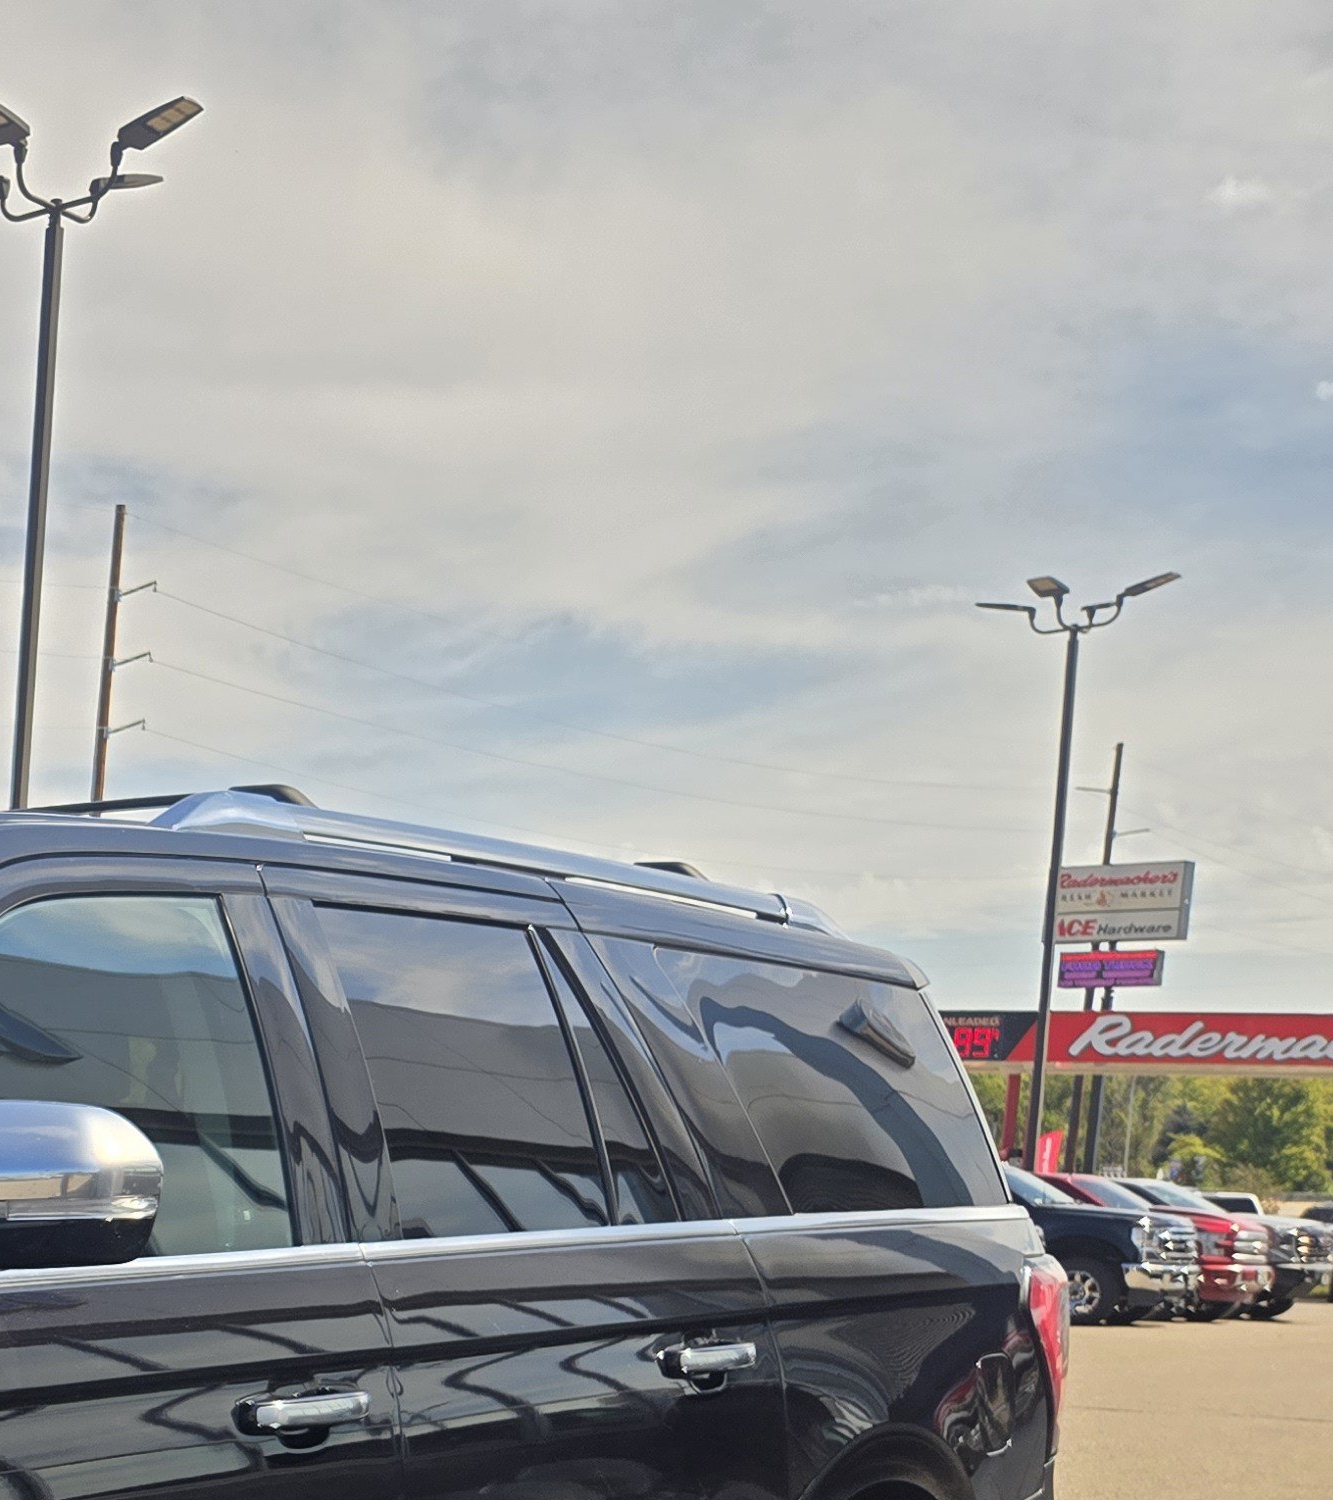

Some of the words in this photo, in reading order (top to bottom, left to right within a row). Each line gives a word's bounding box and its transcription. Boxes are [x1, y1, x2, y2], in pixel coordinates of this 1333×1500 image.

[1059, 870, 1179, 889] Radermacher's
[1061, 893, 1092, 901] RESH
[1057, 919, 1097, 937] ACE
[1097, 923, 1173, 936] Hardware
[942, 1016, 1001, 1027] NLEADED
[1068, 1014, 1333, 1061] Raderma
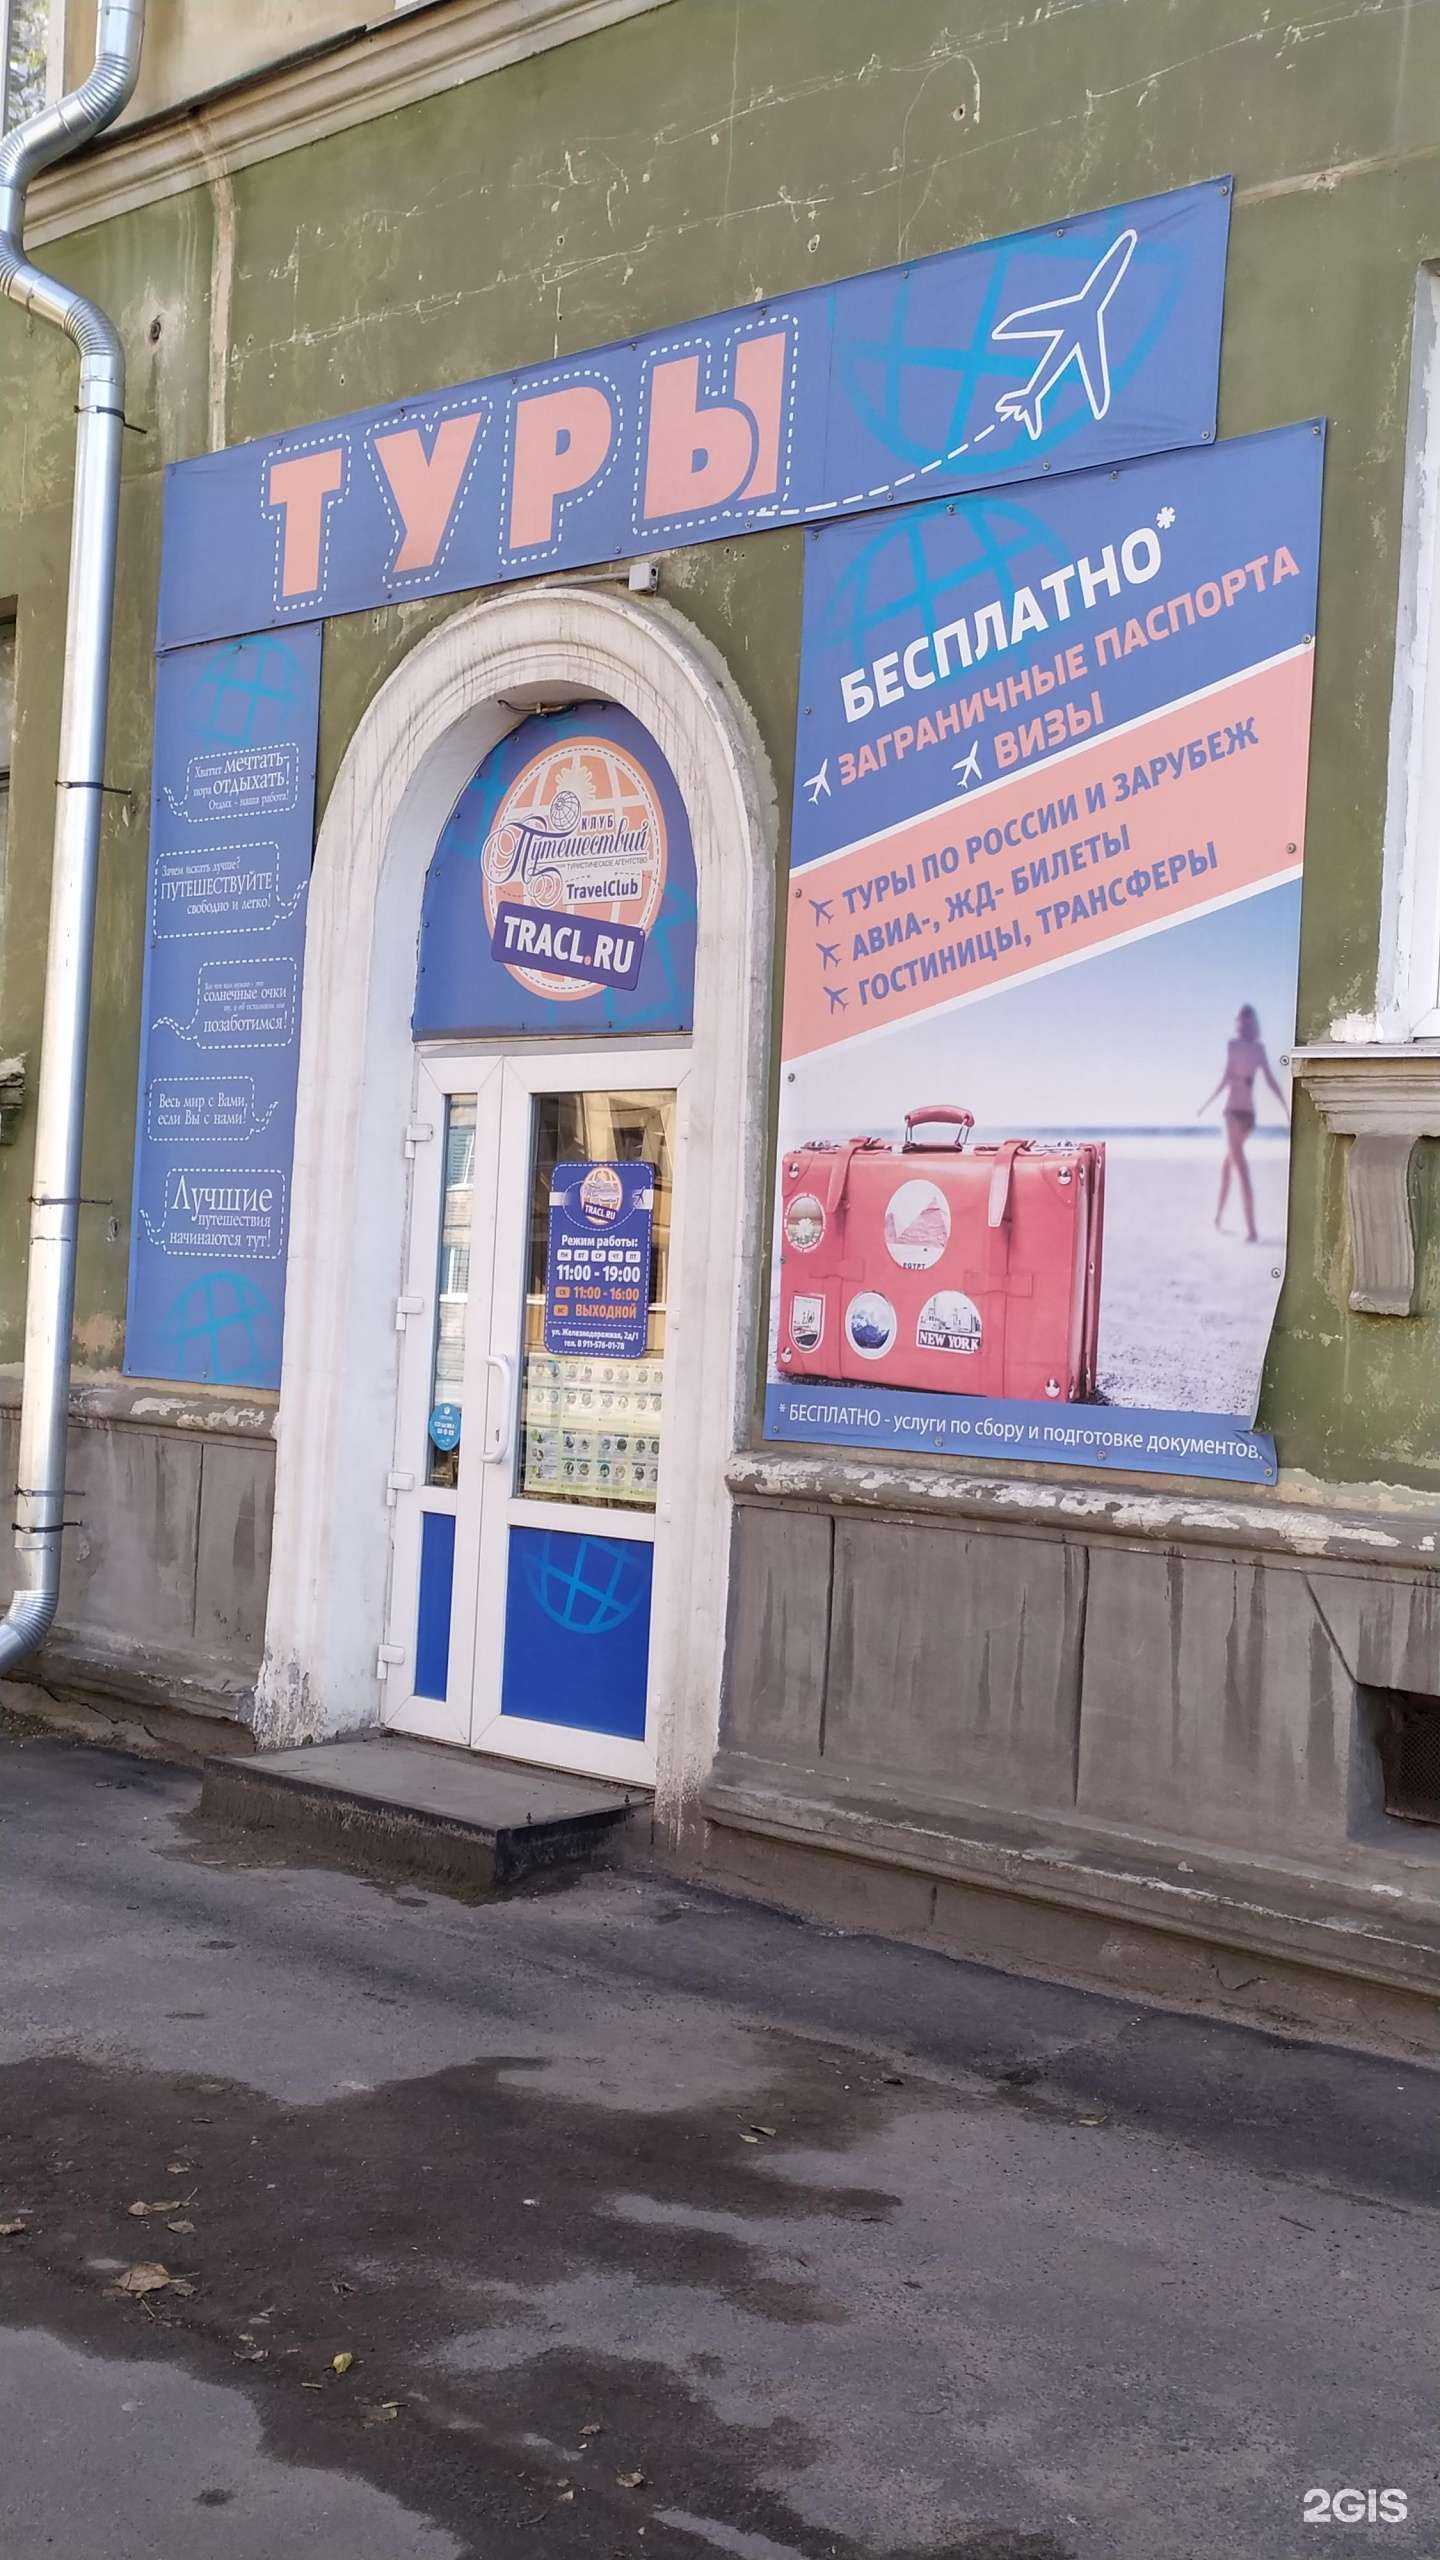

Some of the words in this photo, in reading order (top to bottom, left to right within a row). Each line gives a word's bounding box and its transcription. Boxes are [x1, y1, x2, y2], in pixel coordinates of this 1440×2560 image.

[269, 332, 785, 597] ТУРЫ
[838, 645, 1088, 786] ЗАГРАНИЧНЫЕ
[1096, 546, 1300, 667] ПАСПОРТА
[993, 692, 1103, 770] ВИЗЫ
[581, 815, 613, 830] КЛУБ
[842, 863, 915, 915] ТУРЫ
[922, 846, 959, 884] ПО
[966, 793, 1079, 864] РОССИИ
[1084, 783, 1106, 811] И
[1112, 716, 1259, 802] ЗАРУБЕЖ
[482, 815, 649, 907] Путешествий
[160, 871, 273, 902] ПУТЕШЕСТВУЙТЕ
[567, 878, 638, 899] TravelClub
[852, 914, 941, 961] АВИА-,
[947, 883, 1005, 923] ЖД-
[1012, 824, 1130, 896] БИЛЕТЫ
[186, 900, 229, 914] свободно
[232, 901, 239, 910] и
[241, 893, 271, 911] легко!
[859, 920, 1031, 1006] ГОСТИНИЦЫ,
[1035, 841, 1218, 936] ТРАНСФЕРЫ
[503, 915, 635, 973] TRACL.RU
[203, 989, 257, 1002] солнечные
[260, 987, 287, 999] очки
[203, 1011, 288, 1032] позаботимся!
[159, 1093, 180, 1108] Весь
[183, 1097, 204, 1112] мир
[208, 1098, 214, 1107] с
[218, 1092, 248, 1108] Вами,
[157, 1114, 180, 1125] если
[185, 1110, 200, 1125] Вы
[204, 1115, 210, 1125] с
[214, 1107, 246, 1125] нами!
[170, 1175, 273, 1221] Лучшие
[198, 1214, 271, 1230] путешествия
[585, 1205, 616, 1220] TRACL.RU
[169, 1231, 241, 1247] начинаются
[246, 1228, 271, 1252] тут!
[561, 1234, 595, 1246] Режим
[597, 1235, 638, 1249] работы:
[556, 1264, 591, 1281] 11:00
[602, 1265, 640, 1282] 19:00
[574, 1286, 600, 1299] 11:00
[610, 1287, 640, 1301] 16:00
[575, 1303, 636, 1319] ВЫХОДНОЙ
[919, 1331, 945, 1347] NEW
[947, 1335, 980, 1351] YORK
[893, 1414, 945, 1434] услуги
[951, 1420, 971, 1434] по
[975, 1418, 1024, 1442] сбору
[1028, 1427, 1039, 1439] и
[1044, 1426, 1143, 1449] подготовке
[1146, 1434, 1263, 1460] документов.
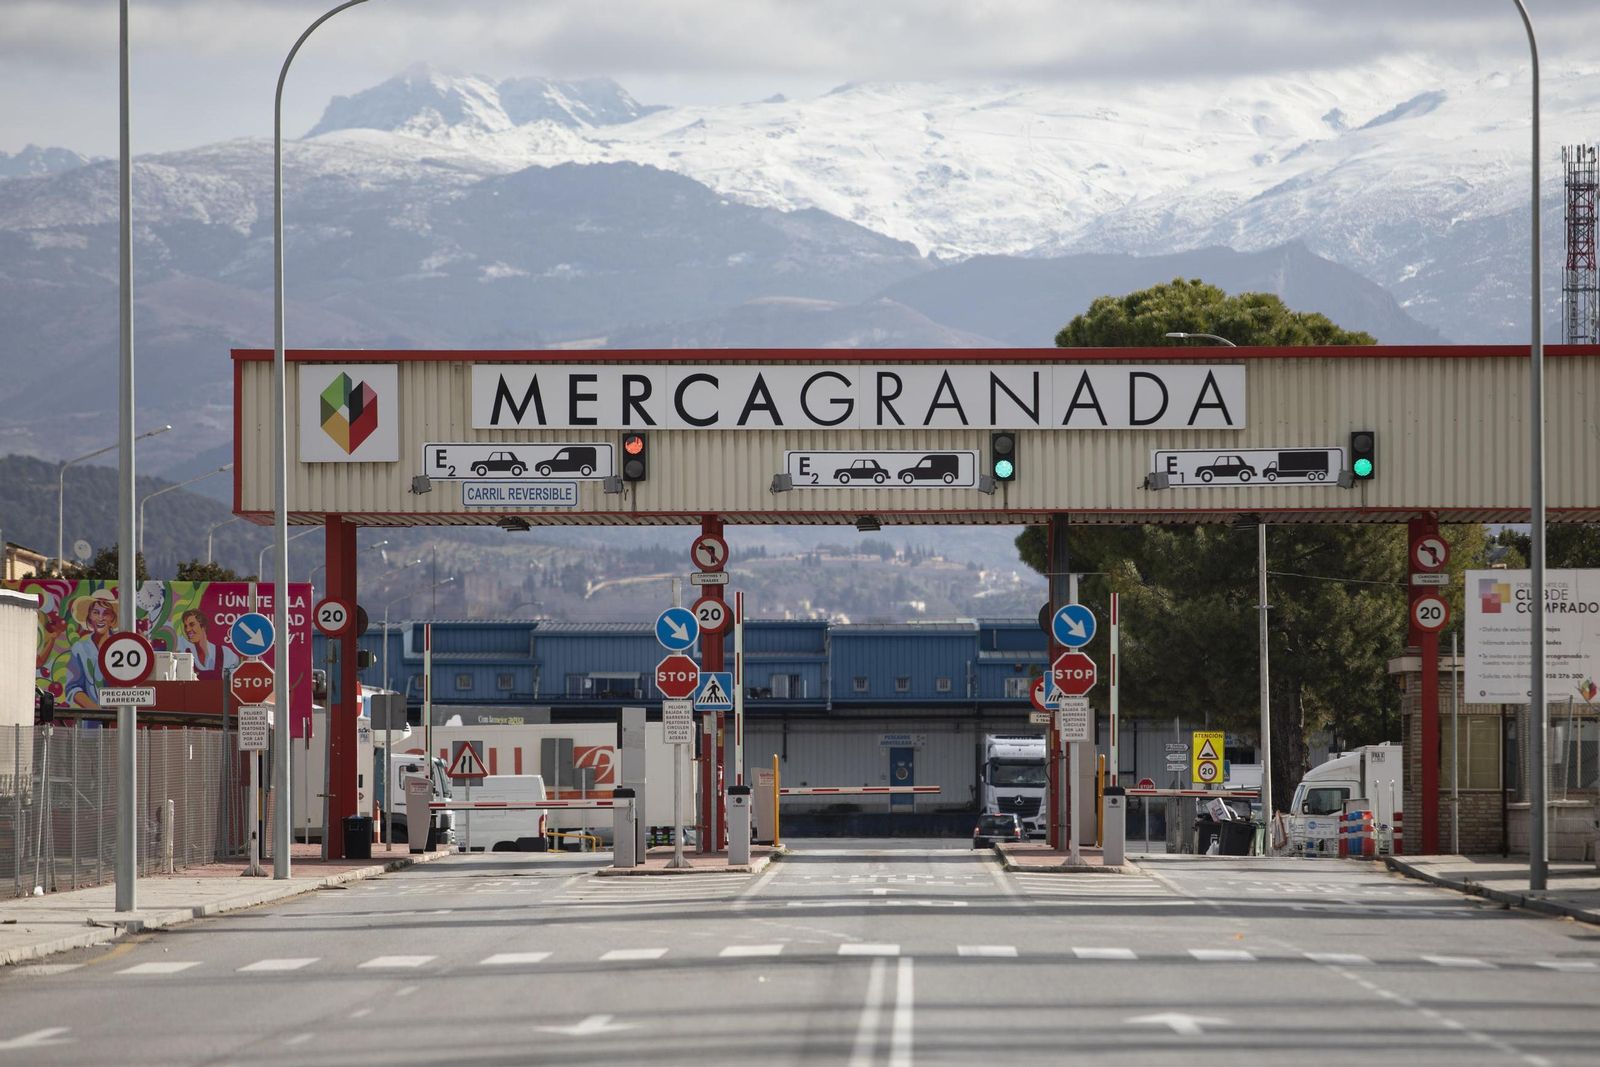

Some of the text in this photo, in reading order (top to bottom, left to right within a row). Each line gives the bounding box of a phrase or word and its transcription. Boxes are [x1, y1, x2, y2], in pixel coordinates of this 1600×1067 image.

[490, 369, 1233, 426] MERCAGRANADA
[467, 486, 572, 501] CARRIL REVERSIBLE
[322, 610, 344, 623] 20
[700, 608, 722, 621] 20
[1420, 607, 1441, 620] 20
[110, 650, 141, 668] 20
[658, 671, 697, 682] STOP
[1055, 669, 1094, 680] STOP
[233, 677, 272, 688] STOP

*****

_ABOUT THIS TASK_.
Pictures are to be left out; all else in the entries above is to be quoted exactly.

_OUTPUT FOR THIS EXERCISE_.
Some of the words in this photo, in reading order (top to bottom, left to right within a row). Each line gives a word's bounding box and its transcription. Boxes are [x1, y1, x2, y2], in pixel coordinates of this 1333×1500 image.

[1059, 870, 1179, 889] Radermacher's
[1061, 893, 1092, 901] RESH
[1057, 919, 1097, 937] ACE
[1097, 923, 1173, 936] Hardware
[942, 1016, 1001, 1027] NLEADED
[1068, 1014, 1333, 1061] Raderma

Some of the words in this photo, in reading order (top to bottom, left to right within a row). Each line gives a word's bounding box and its transcription. Boxes are [x1, y1, x2, y2], in pixel coordinates of this 1440×2560 image.

[269, 332, 785, 597] ТУРЫ
[838, 645, 1088, 786] ЗАГРАНИЧНЫЕ
[1096, 546, 1300, 667] ПАСПОРТА
[993, 692, 1103, 770] ВИЗЫ
[581, 815, 613, 830] КЛУБ
[842, 863, 915, 915] ТУРЫ
[922, 846, 959, 884] ПО
[966, 793, 1079, 864] РОССИИ
[1084, 783, 1106, 811] И
[1112, 716, 1259, 802] ЗАРУБЕЖ
[482, 815, 649, 907] Путешествий
[160, 871, 273, 902] ПУТЕШЕСТВУЙТЕ
[567, 878, 638, 899] TravelClub
[852, 914, 941, 961] АВИА-,
[947, 883, 1005, 923] ЖД-
[1012, 824, 1130, 896] БИЛЕТЫ
[186, 900, 229, 914] свободно
[232, 901, 239, 910] и
[241, 893, 271, 911] легко!
[859, 920, 1031, 1006] ГОСТИНИЦЫ,
[1035, 841, 1218, 936] ТРАНСФЕРЫ
[503, 915, 635, 973] TRACL.RU
[203, 989, 257, 1002] солнечные
[260, 987, 287, 999] очки
[203, 1011, 288, 1032] позаботимся!
[159, 1093, 180, 1108] Весь
[183, 1097, 204, 1112] мир
[208, 1098, 214, 1107] с
[218, 1092, 248, 1108] Вами,
[157, 1114, 180, 1125] если
[185, 1110, 200, 1125] Вы
[204, 1115, 210, 1125] с
[214, 1107, 246, 1125] нами!
[170, 1175, 273, 1221] Лучшие
[198, 1214, 271, 1230] путешествия
[585, 1205, 616, 1220] TRACL.RU
[169, 1231, 241, 1247] начинаются
[246, 1228, 271, 1252] тут!
[561, 1234, 595, 1246] Режим
[597, 1235, 638, 1249] работы:
[556, 1264, 591, 1281] 11:00
[602, 1265, 640, 1282] 19:00
[574, 1286, 600, 1299] 11:00
[610, 1287, 640, 1301] 16:00
[575, 1303, 636, 1319] ВЫХОДНОЙ
[919, 1331, 945, 1347] NEW
[947, 1335, 980, 1351] YORK
[893, 1414, 945, 1434] услуги
[951, 1420, 971, 1434] по
[975, 1418, 1024, 1442] сбору
[1028, 1427, 1039, 1439] и
[1044, 1426, 1143, 1449] подготовке
[1146, 1434, 1263, 1460] документов.

Some of the text in this photo, in reading order (top to bottom, left to right within a row). Each line gives the bounding box of a phrase or word and its transcription. Boxes are [x1, y1, x2, y2], in pixel coordinates of this 1600×1067 image.

[490, 369, 1233, 426] MERCAGRANADA
[467, 486, 572, 501] CARRIL REVERSIBLE
[322, 610, 344, 623] 20
[700, 608, 722, 621] 20
[1420, 607, 1441, 620] 20
[110, 650, 141, 668] 20
[658, 671, 697, 682] STOP
[1055, 669, 1094, 680] STOP
[233, 677, 272, 688] STOP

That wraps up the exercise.